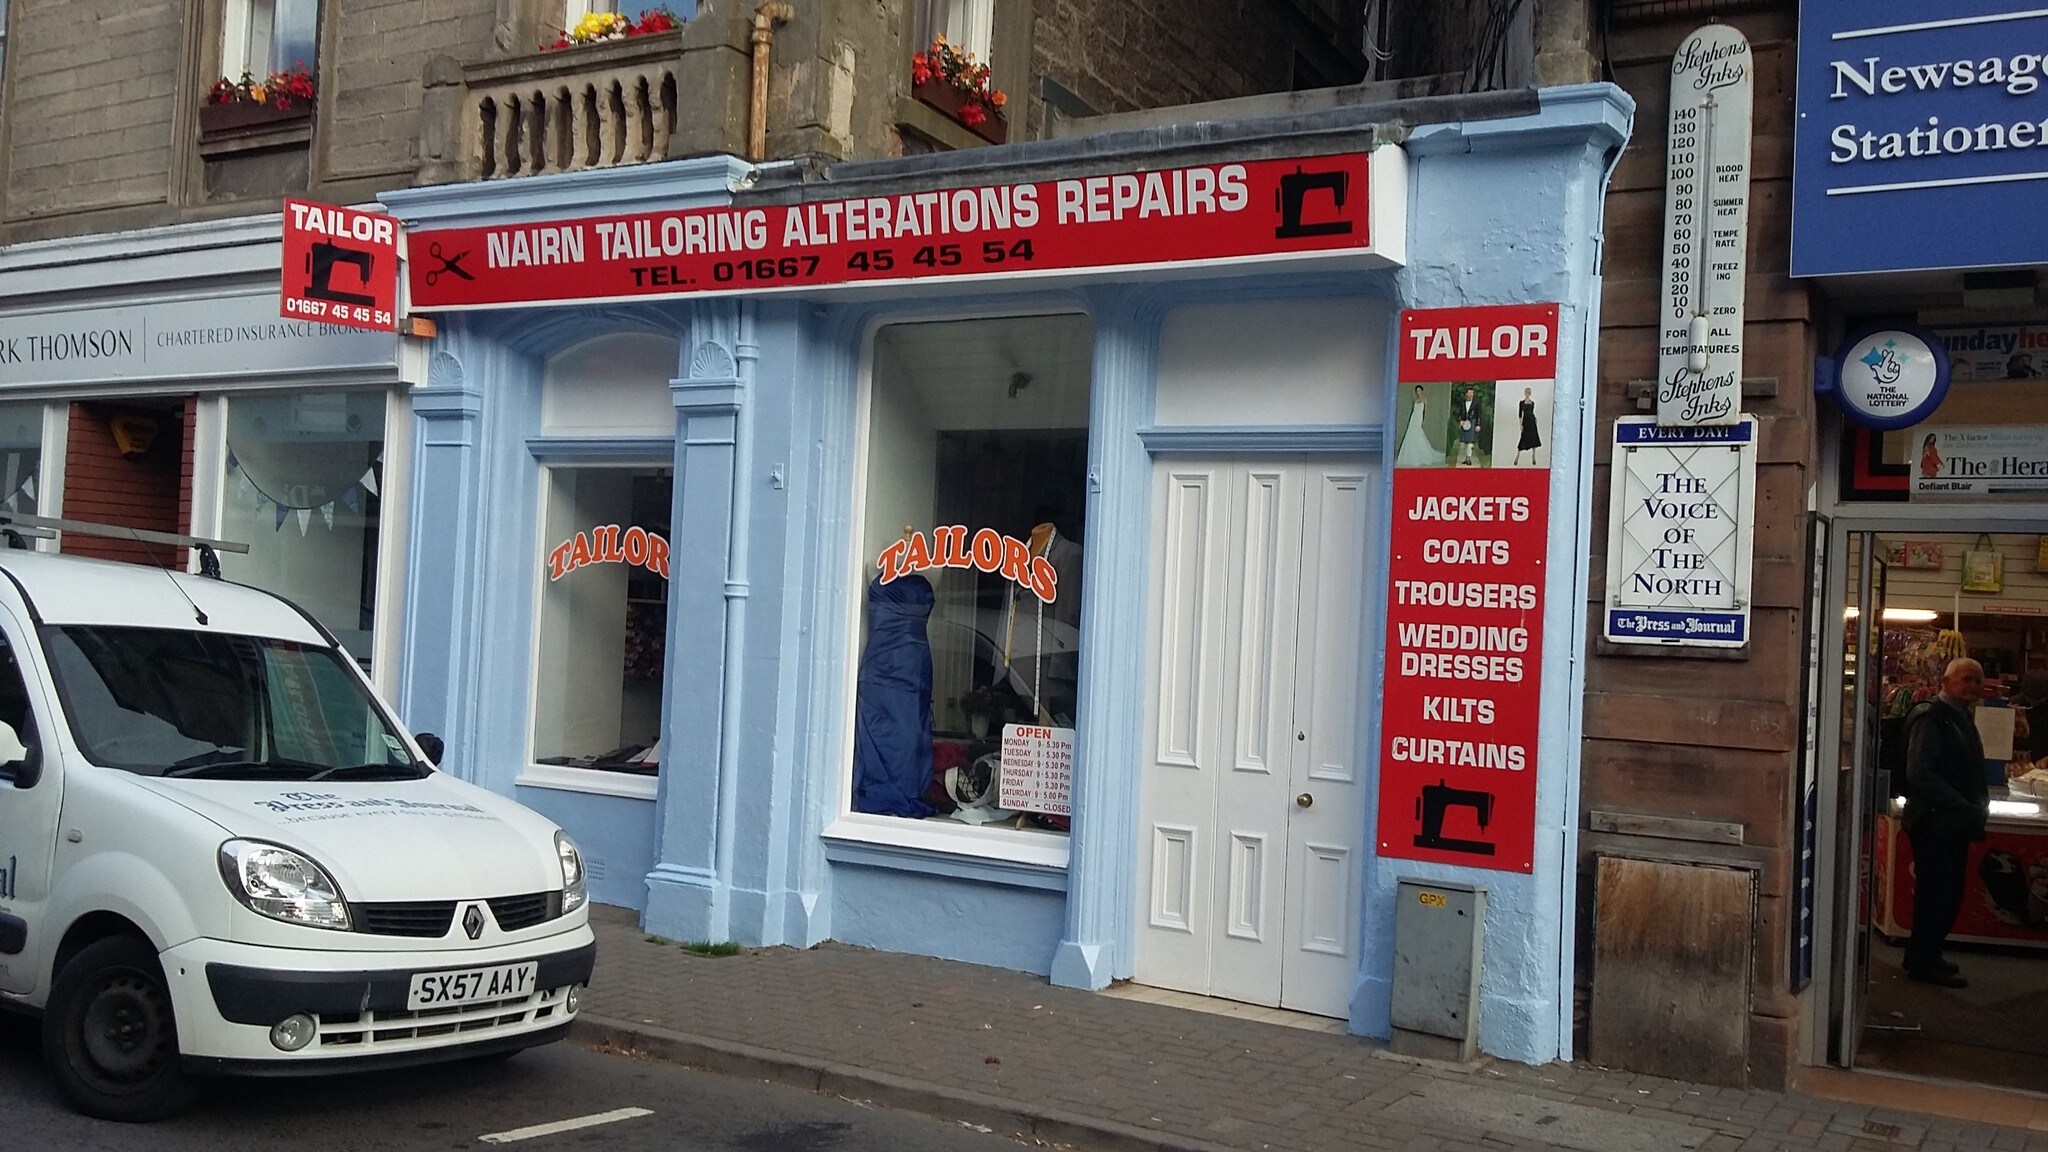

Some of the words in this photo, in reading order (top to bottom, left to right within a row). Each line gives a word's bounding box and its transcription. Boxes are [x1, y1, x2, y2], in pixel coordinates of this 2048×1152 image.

[1693, 61, 1743, 92] Inks
[1674, 108, 1696, 120] 140
[1673, 122, 1696, 134] 130
[1672, 137, 1695, 149] 120
[1671, 152, 1694, 165] 110
[1671, 168, 1694, 180] 100
[1716, 164, 1743, 173] BLOOD
[1719, 174, 1739, 183] HEAT
[1676, 184, 1693, 195] 90
[1675, 199, 1692, 210] 80
[1713, 198, 1744, 207] SUMMER
[486, 225, 584, 268] NAIRN
[600, 210, 767, 260] TAILORING
[783, 184, 1040, 247] ALTERATIONS
[1056, 164, 1249, 225] REPAIRS
[1717, 208, 1738, 216] HEAT
[290, 203, 393, 245] TAILOR
[1674, 214, 1692, 225] 70
[1674, 229, 1691, 240] 60
[1713, 230, 1739, 238] TEMPE
[1672, 243, 1690, 255] 50
[629, 267, 696, 288] TEL.
[713, 255, 821, 282] 01667
[847, 249, 894, 272] 45
[913, 243, 962, 268] 45
[982, 239, 1035, 263] 54
[1671, 258, 1689, 268] 40
[1712, 262, 1739, 271] FREEZ
[1671, 272, 1689, 283] 30
[1671, 284, 1689, 295] 20
[1672, 297, 1688, 307] 10
[286, 298, 327, 316] 01667
[332, 304, 348, 319] 45
[353, 307, 370, 321] 45
[375, 311, 391, 325] 54
[1675, 308, 1684, 318] 0
[1713, 307, 1736, 315] ZERO
[157, 326, 233, 347] CHARTERED
[237, 322, 314, 342] INSURANCE
[1666, 329, 1687, 339] FOR
[1710, 328, 1731, 337] ALL
[27, 329, 132, 362] THOMSON
[1410, 324, 1548, 361] TAILOR
[1661, 345, 1740, 356] TEMPRATURES
[1681, 393, 1731, 424] Inks
[1638, 427, 1687, 439] EVERY
[1946, 457, 1987, 476] The
[1919, 482, 1949, 491] Defiant
[1408, 496, 1529, 522] JACKETS
[1423, 539, 1510, 565] COATS
[877, 525, 1057, 604] TAILORS
[1395, 580, 1537, 610] TROUSERS
[1617, 618, 1635, 628] The
[1635, 615, 1670, 633] Press
[1671, 620, 1686, 631] and
[1685, 617, 1736, 634] Journal
[1398, 622, 1528, 653] WEDDING
[1401, 652, 1523, 682] DRESSES
[1423, 696, 1495, 724] KILTS
[1016, 727, 1051, 739] OPEN
[1004, 738, 1030, 747] MONDAY
[1004, 748, 1031, 756] TUESDAY
[1391, 737, 1525, 771] CURTAINS
[1003, 759, 1033, 767] WEDNESDAY
[1003, 768, 1033, 777] THURSDAY
[1002, 778, 1024, 787] FRIDAY
[1002, 788, 1031, 797] SATURDAY
[1002, 798, 1029, 808] SUNDAY
[1044, 803, 1071, 813] CLOSED
[1419, 893, 1446, 906] GPX
[420, 972, 483, 1003] SX57
[487, 966, 529, 996] AAY

-------

▶ _ACTIVITY_
Using the records above, count how many lines include the word "HEAT", and reply only with that figure.

▶ _RESPONSE AREA_
2